PROBLEM DESCRIPTION. Every line from the one containing "this 2560×1440 image." through the end of the data is to be copied exactly, and nothing outside that range.

THE DATA.
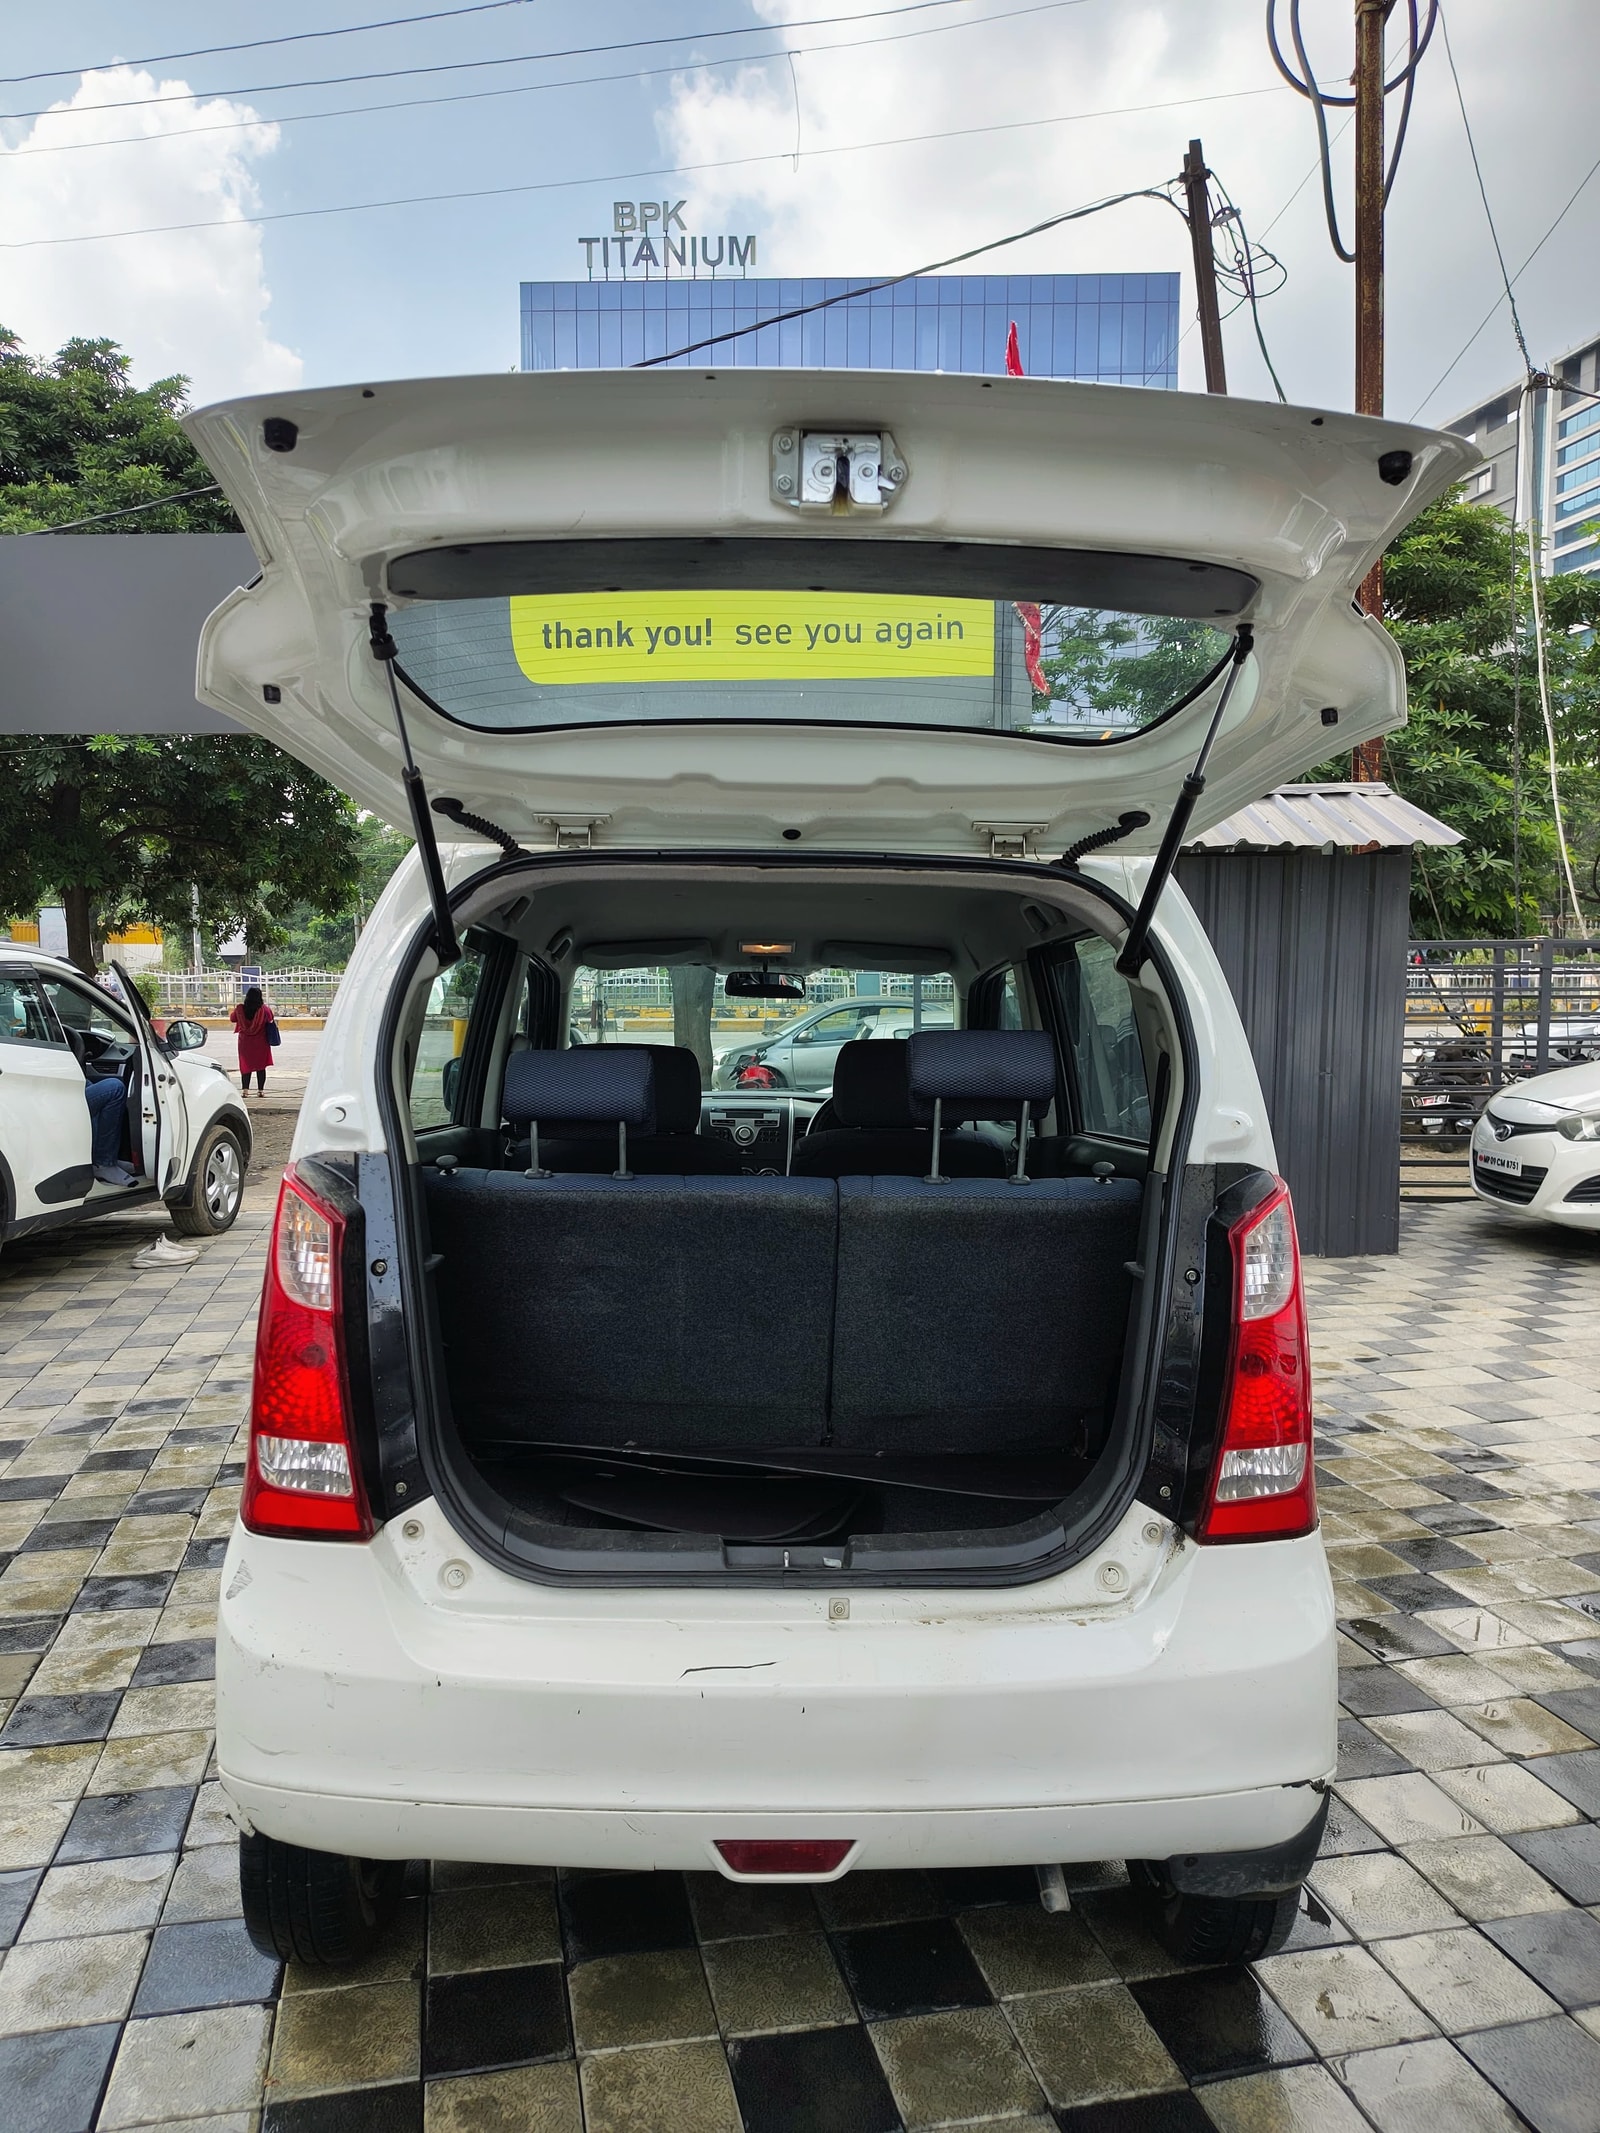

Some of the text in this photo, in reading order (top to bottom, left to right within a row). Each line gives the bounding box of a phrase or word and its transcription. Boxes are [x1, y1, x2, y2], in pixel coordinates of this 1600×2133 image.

[613, 200, 687, 232] BPK
[578, 235, 756, 268] TITANIUM
[541, 613, 965, 655] thank you! see you again
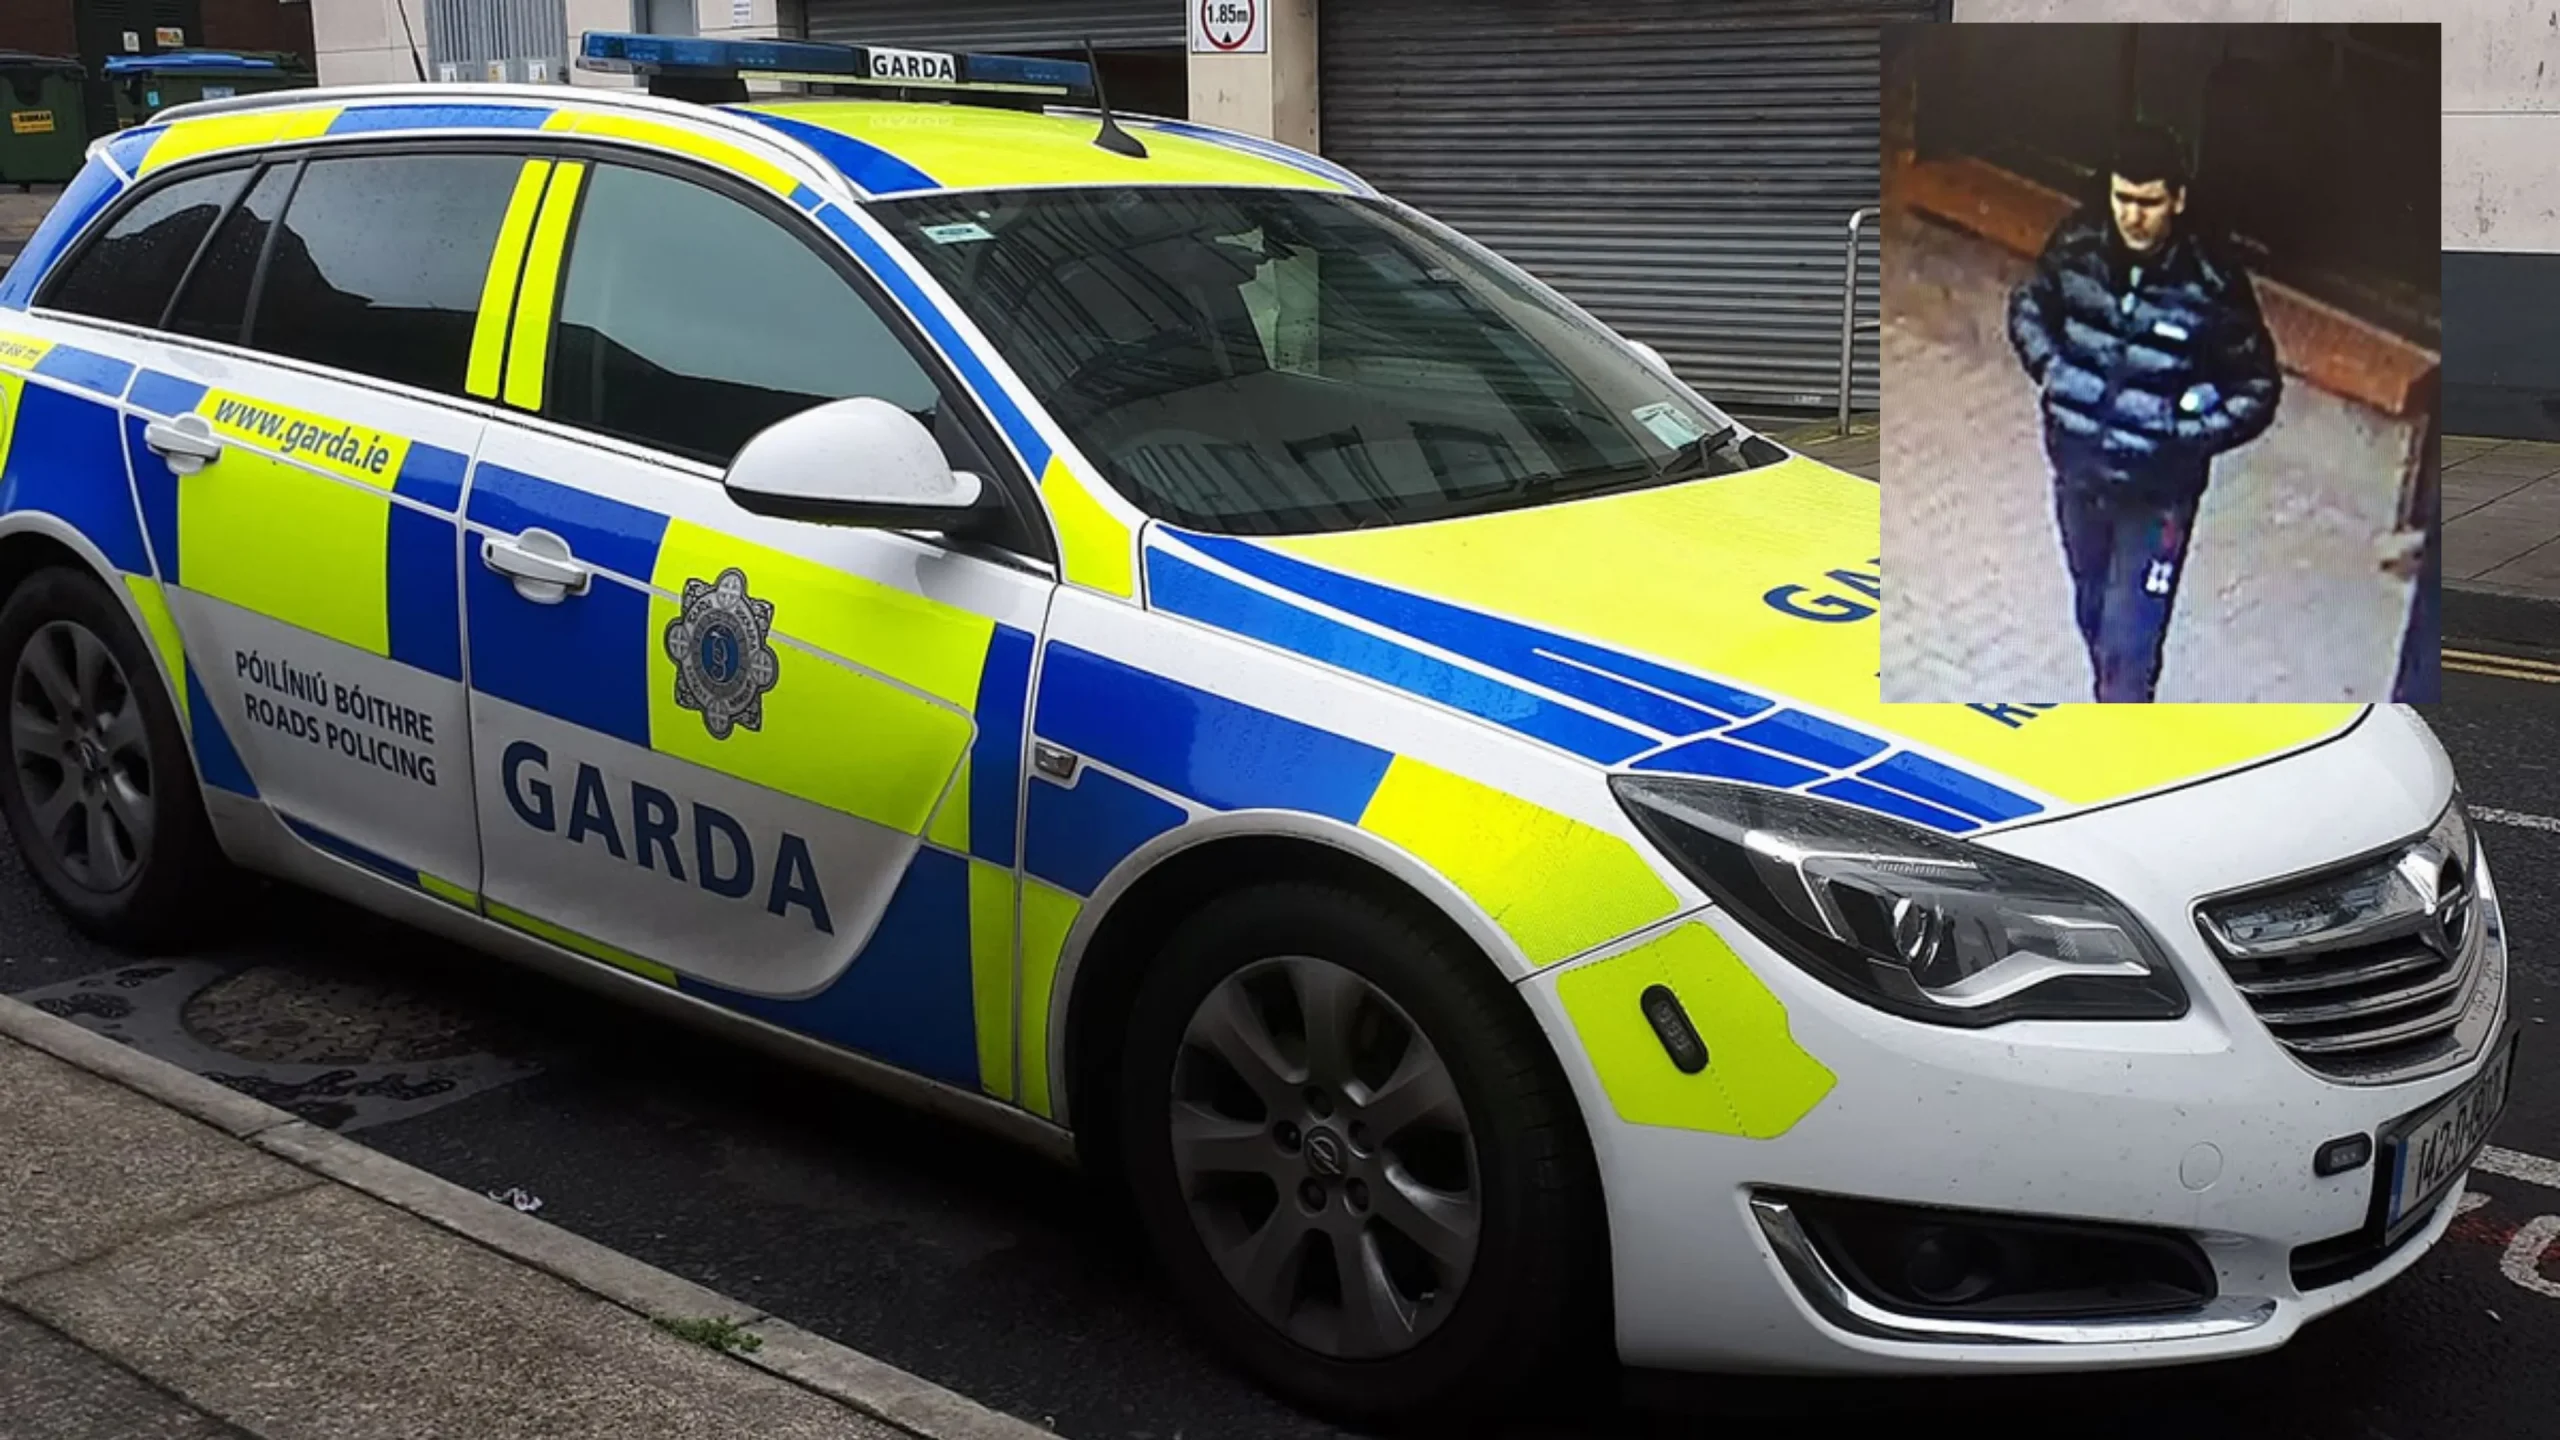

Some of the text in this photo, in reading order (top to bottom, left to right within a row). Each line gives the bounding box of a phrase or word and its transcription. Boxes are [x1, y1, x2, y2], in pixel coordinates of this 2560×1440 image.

[1207, 3, 1249, 24] 1.85m
[872, 54, 953, 79] GARDA
[214, 398, 389, 475] www.garda.ie
[235, 650, 434, 745] PÓILÍNIÚ BÓITHRE
[245, 692, 436, 787] ROADS POLICING
[502, 739, 835, 937] GARDA

RESULT.
Some of the text in this photo, in reading order (top to bottom, left to right within a row). Each line gives the bounding box of a phrase or word and its transcription. Boxes are [x1, y1, x2, y2], in pixel coordinates of this 2560×1440 image.

[1207, 3, 1249, 24] 1.85m
[872, 54, 953, 79] GARDA
[214, 398, 389, 475] www.garda.ie
[235, 650, 434, 745] PÓILÍNIÚ BÓITHRE
[245, 692, 436, 787] ROADS POLICING
[502, 739, 835, 937] GARDA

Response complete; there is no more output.